Plantar Fasciitis - That Heel Pain When You First Step Out of Bed

Morning heel pain that eases after a few steps, then returns later in the day? Classic plantar fasciitis.

Plantar Fasciitis - That Heel Pain When You First Step Out of Bed

Quick answer: Plantar fasciitis is the most common cause of heel pain in adults. Classic symptom: sharp pain in the bottom of the heel with the first steps in the morning or after sitting, which eases slightly with walking but returns after prolonged standing. Around 90% of cases resolve within 8-12 weeks with structured physiotherapy - calf and fascia loading exercises, footwear changes, short-term load reduction, and sometimes a night splint.
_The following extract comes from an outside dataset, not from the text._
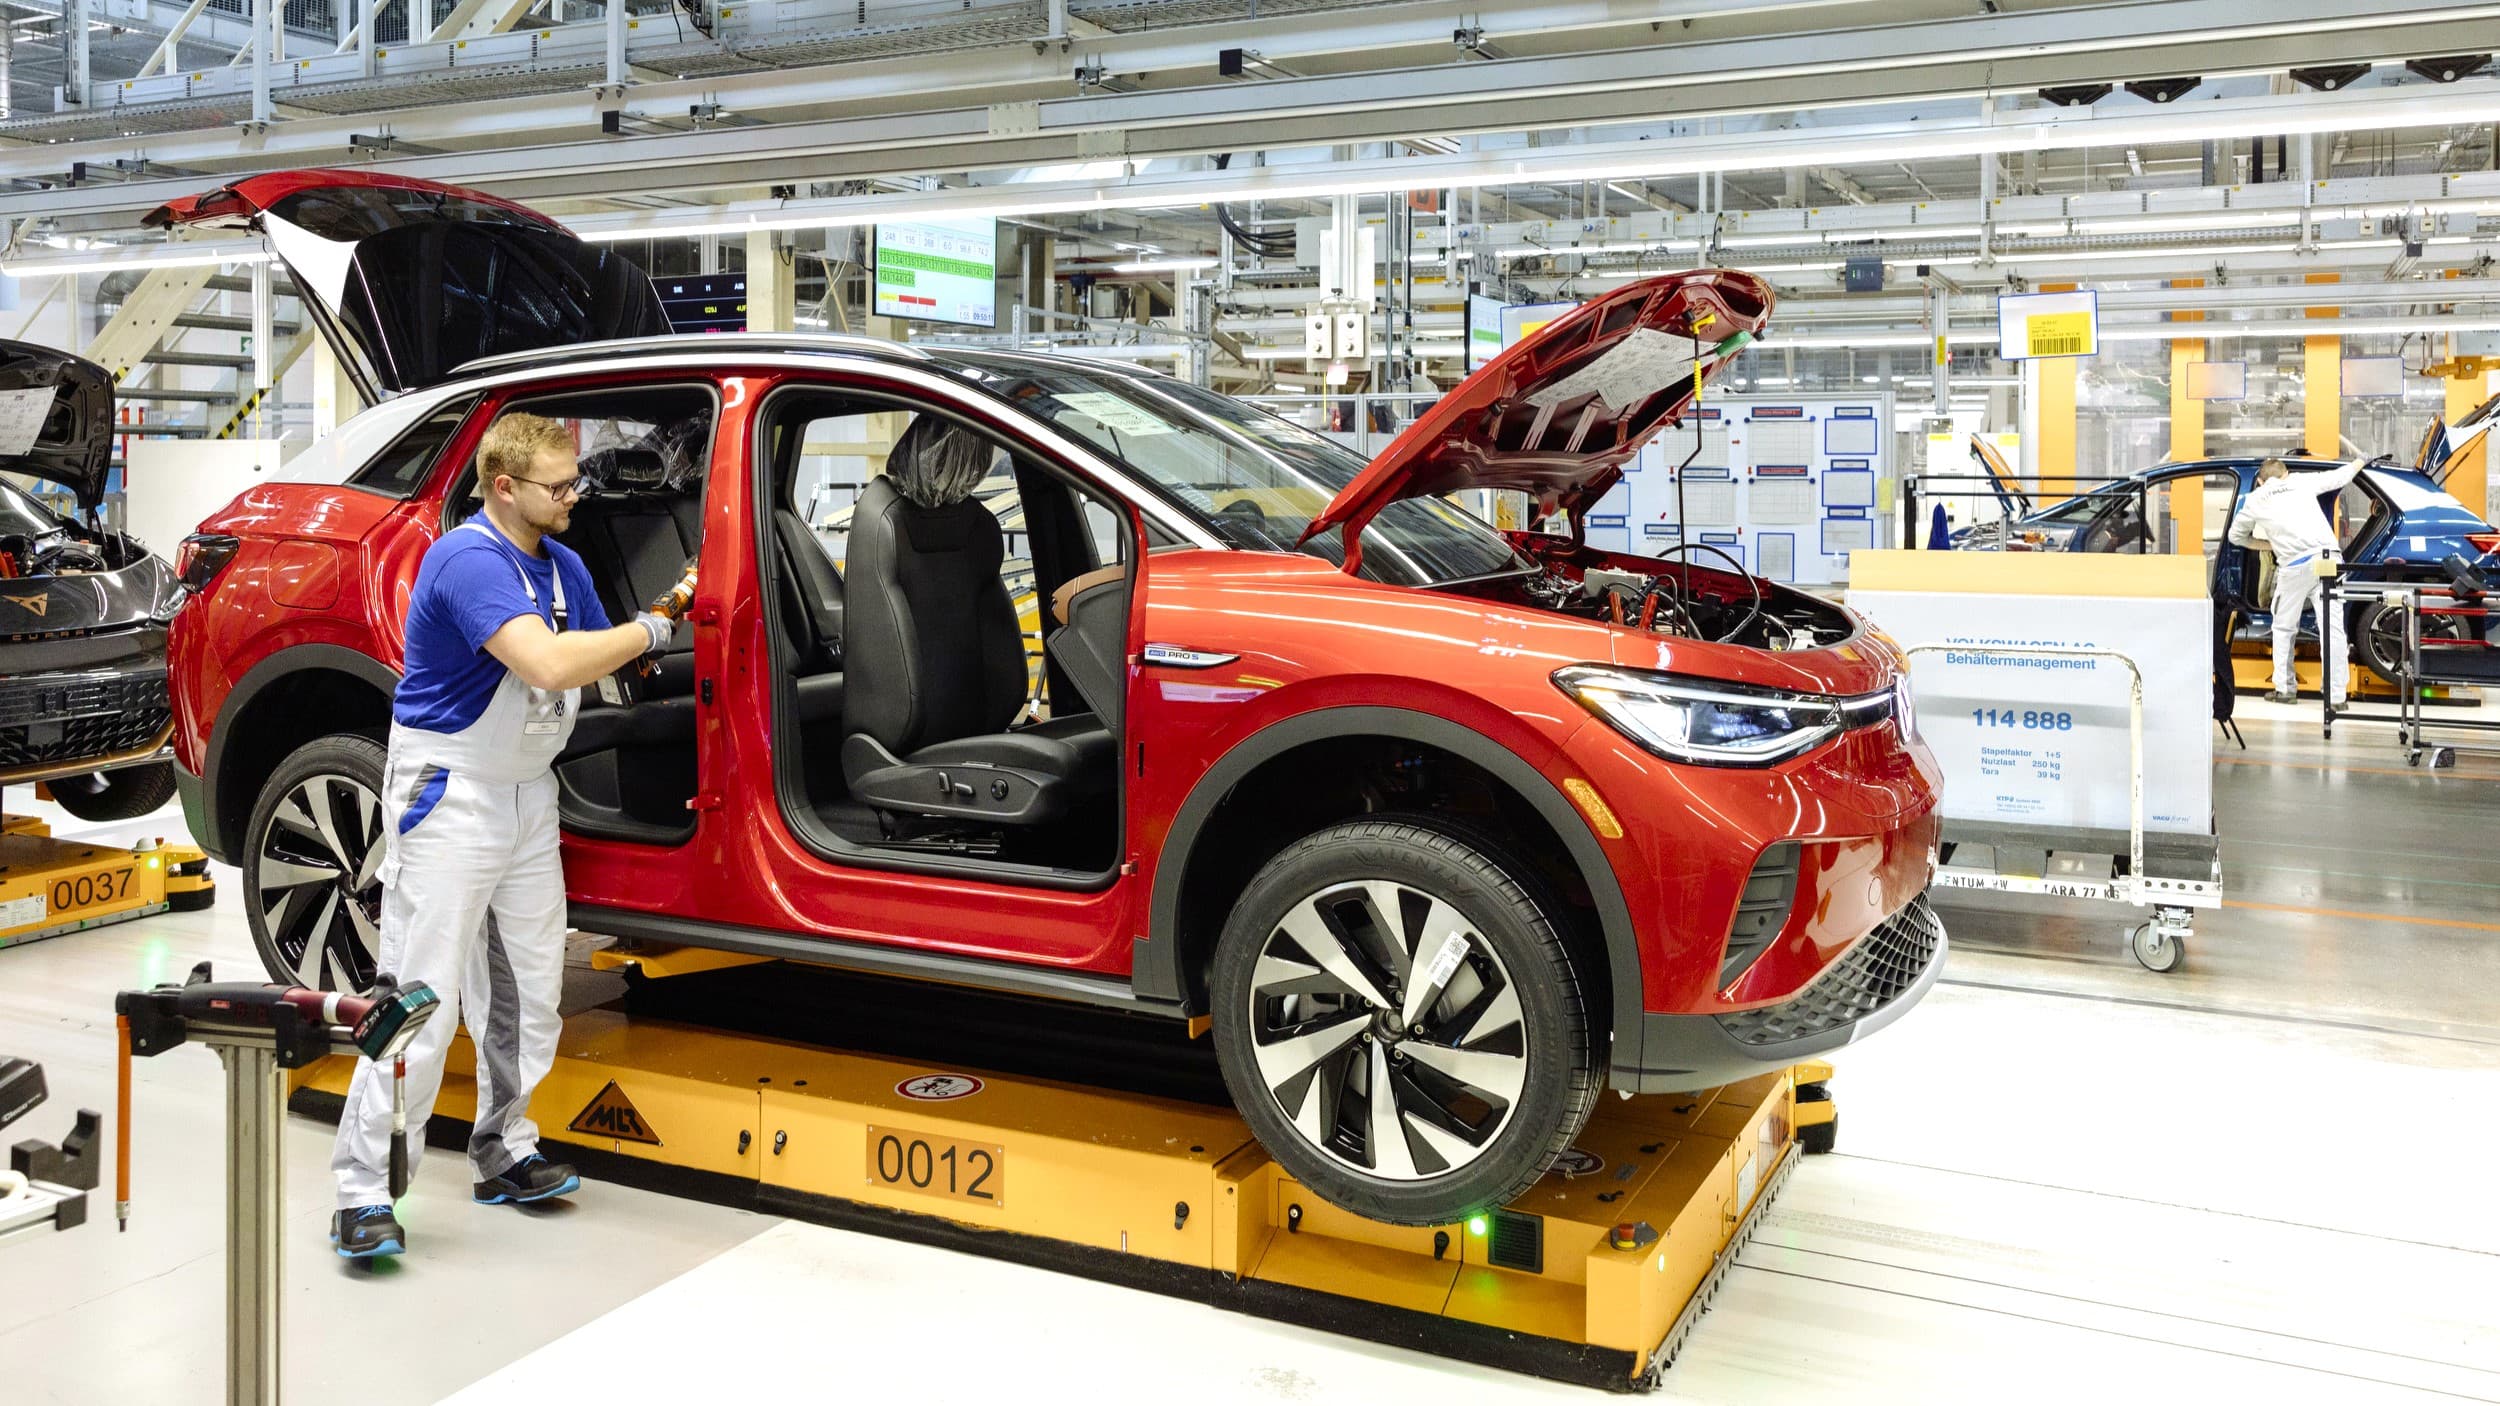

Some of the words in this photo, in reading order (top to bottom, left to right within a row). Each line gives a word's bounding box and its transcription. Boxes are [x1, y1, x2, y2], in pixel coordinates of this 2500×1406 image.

Surgery is almost never needed.

What Plantar Fasciitis Actually Is

The plantar fascia is a thick band of connective tissue running from the heel bone to the base of the toes. It supports the arch of the foot during standing and walking. "Fasciitis" is a misnomer - the condition isn't really inflammatory; it's a failed healing response to repetitive overload. More accurate names are plantar fasciopathy or plantar heel pain.

The fascia becomes thickened, disorganised, and painful - especially where it attaches to the heel bone.

Classic Symptoms

  • Sharp, stabbing pain in the inner heel with the first steps after rest (morning, after sitting at the mamak, after a long drive home from work)
  • Eases with a few minutes of walking, then returns after prolonged standing
  • Worse on hard surfaces (tiles, concrete) and in flat footwear (flip-flops, worn sandals)
  • Localised tenderness when you press on the inner heel
  • Often bilateral, though usually worse on one side

Not plantar fasciitis if you have:

  • Pain across the whole bottom of the foot (consider nerve or systemic cause)
  • Numbness, tingling, or burning (consider tarsal tunnel, neuropathy)
  • Night pain waking you from sleep (consider stress fracture, systemic inflammation)
  • Swelling and redness (consider infection, gout, inflammatory arthritis)

These warrant medical assessment, not just physiotherapy.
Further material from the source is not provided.